Exercise materials section start
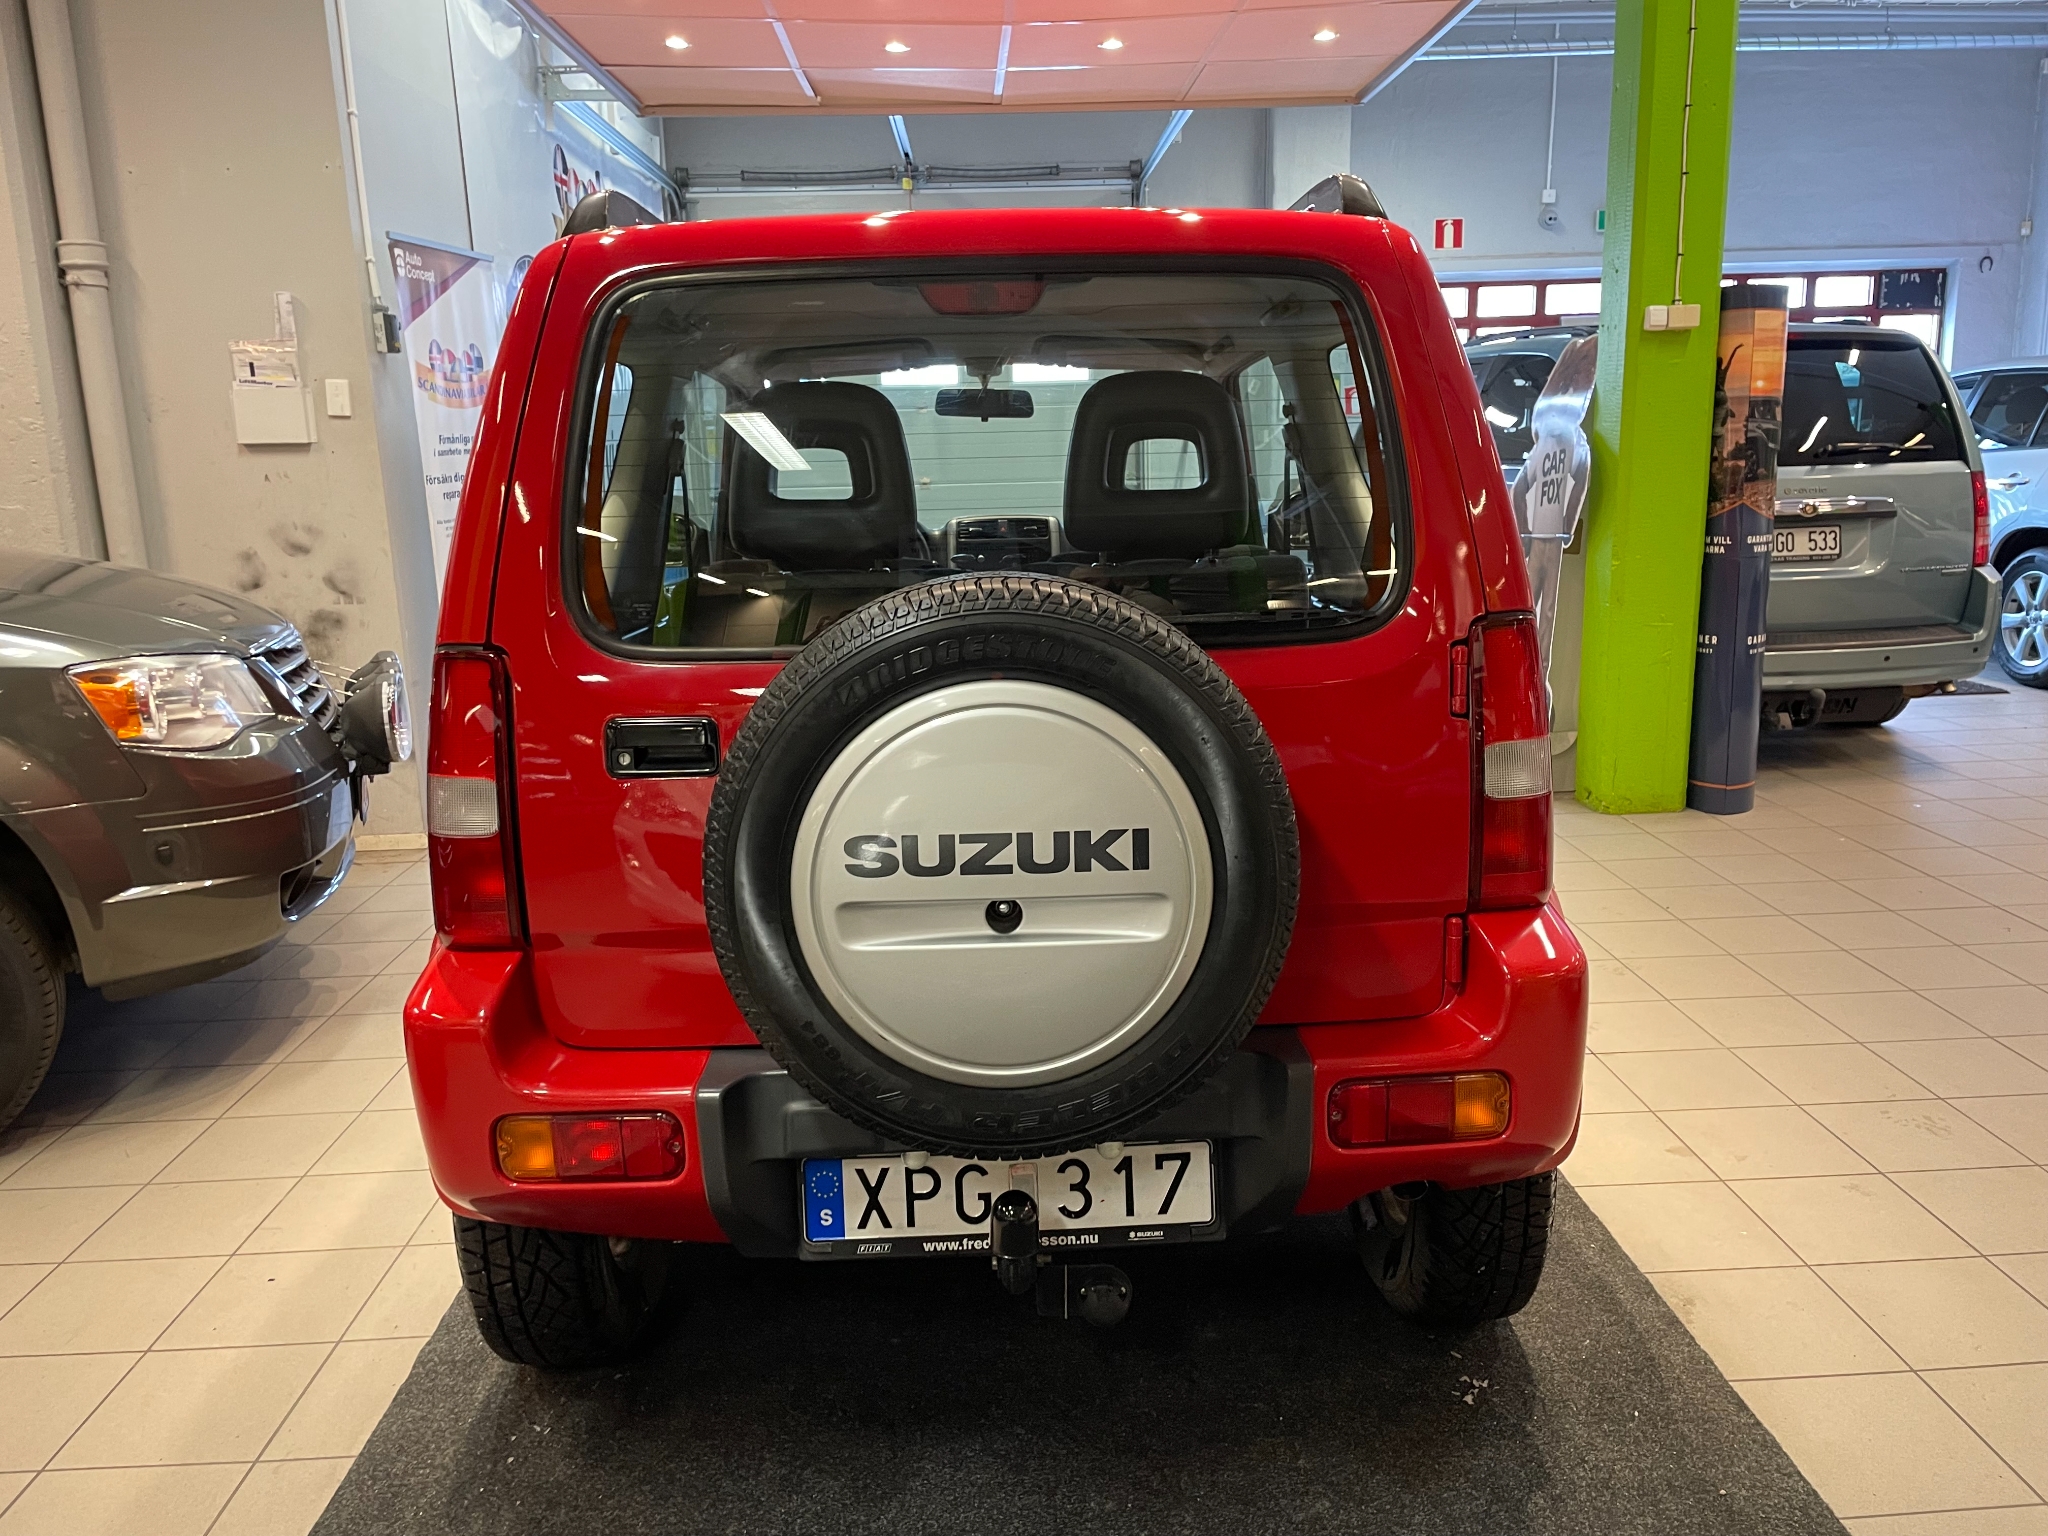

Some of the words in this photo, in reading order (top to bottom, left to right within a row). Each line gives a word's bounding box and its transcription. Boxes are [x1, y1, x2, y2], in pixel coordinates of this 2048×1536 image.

[405, 251, 422, 266] Auto
[406, 266, 435, 284] Concept
[1542, 448, 1567, 478] CAR
[443, 490, 461, 501] repara
[1540, 477, 1562, 507] FOX
[1713, 535, 1732, 544] VILL
[1772, 531, 1795, 553] GO
[1808, 530, 1838, 552] 533
[1705, 545, 1725, 554] ARNA
[1698, 634, 1718, 645] NER
[837, 633, 1118, 708] BRIDGESTONE
[843, 828, 1150, 878] SUZUKI
[855, 1164, 992, 1230] XPG
[1057, 1152, 1191, 1219] 317
[820, 1209, 833, 1226] S
[1136, 1230, 1163, 1238] SUZUKI
[857, 1243, 892, 1254] FIAT
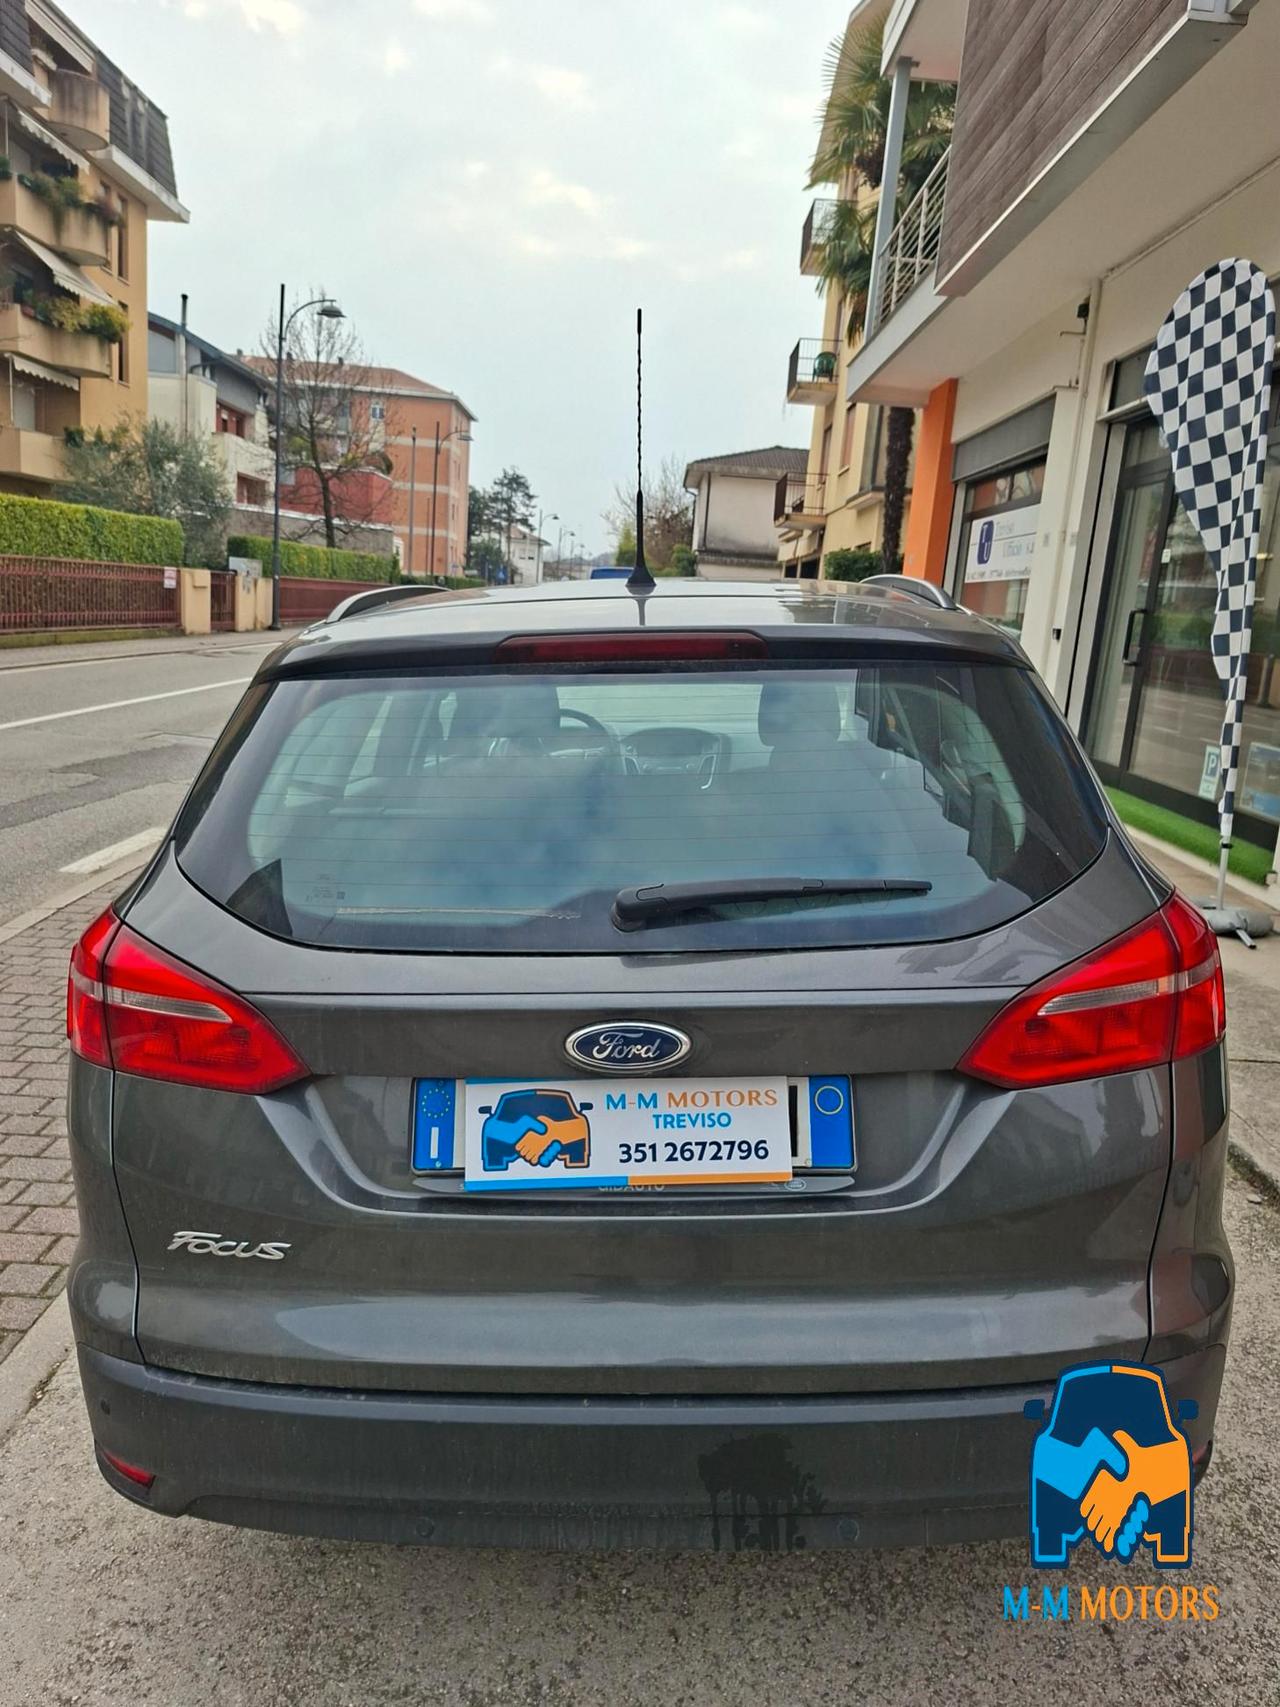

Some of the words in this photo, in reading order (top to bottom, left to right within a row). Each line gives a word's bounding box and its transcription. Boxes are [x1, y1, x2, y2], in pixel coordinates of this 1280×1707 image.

[592, 1031, 661, 1059] Ford
[606, 1092, 658, 1111] M-M
[667, 1089, 778, 1109] MOTORS
[652, 1112, 732, 1129] TREVISO
[618, 1142, 657, 1163] 351
[665, 1139, 769, 1162] 2672796
Exercise materials section end
▸ **Your goal**: The job is to copy all the records precisely while omitting any picture.

▸ **Response to the exercise**:
Some of the words in this photo, in reading order (top to bottom, left to right within a row). Each line gives a word's bounding box and its transcription. Boxes are [x1, y1, x2, y2], in pixel coordinates of this 2048×1536 image.

[405, 251, 422, 266] Auto
[406, 266, 435, 284] Concept
[1542, 448, 1567, 478] CAR
[443, 490, 461, 501] repara
[1540, 477, 1562, 507] FOX
[1713, 535, 1732, 544] VILL
[1772, 531, 1795, 553] GO
[1808, 530, 1838, 552] 533
[1705, 545, 1725, 554] ARNA
[1698, 634, 1718, 645] NER
[837, 633, 1118, 708] BRIDGESTONE
[843, 828, 1150, 878] SUZUKI
[855, 1164, 992, 1230] XPG
[1057, 1152, 1191, 1219] 317
[820, 1209, 833, 1226] S
[1136, 1230, 1163, 1238] SUZUKI
[857, 1243, 892, 1254] FIAT

Some of the words in this photo, in reading order (top to bottom, left to right within a row). Each line gives a word's bounding box and its transcription. Boxes are [x1, y1, x2, y2], in pixel coordinates of this 1280×1707 image.

[592, 1031, 661, 1059] Ford
[606, 1092, 658, 1111] M-M
[667, 1089, 778, 1109] MOTORS
[652, 1112, 732, 1129] TREVISO
[618, 1142, 657, 1163] 351
[665, 1139, 769, 1162] 2672796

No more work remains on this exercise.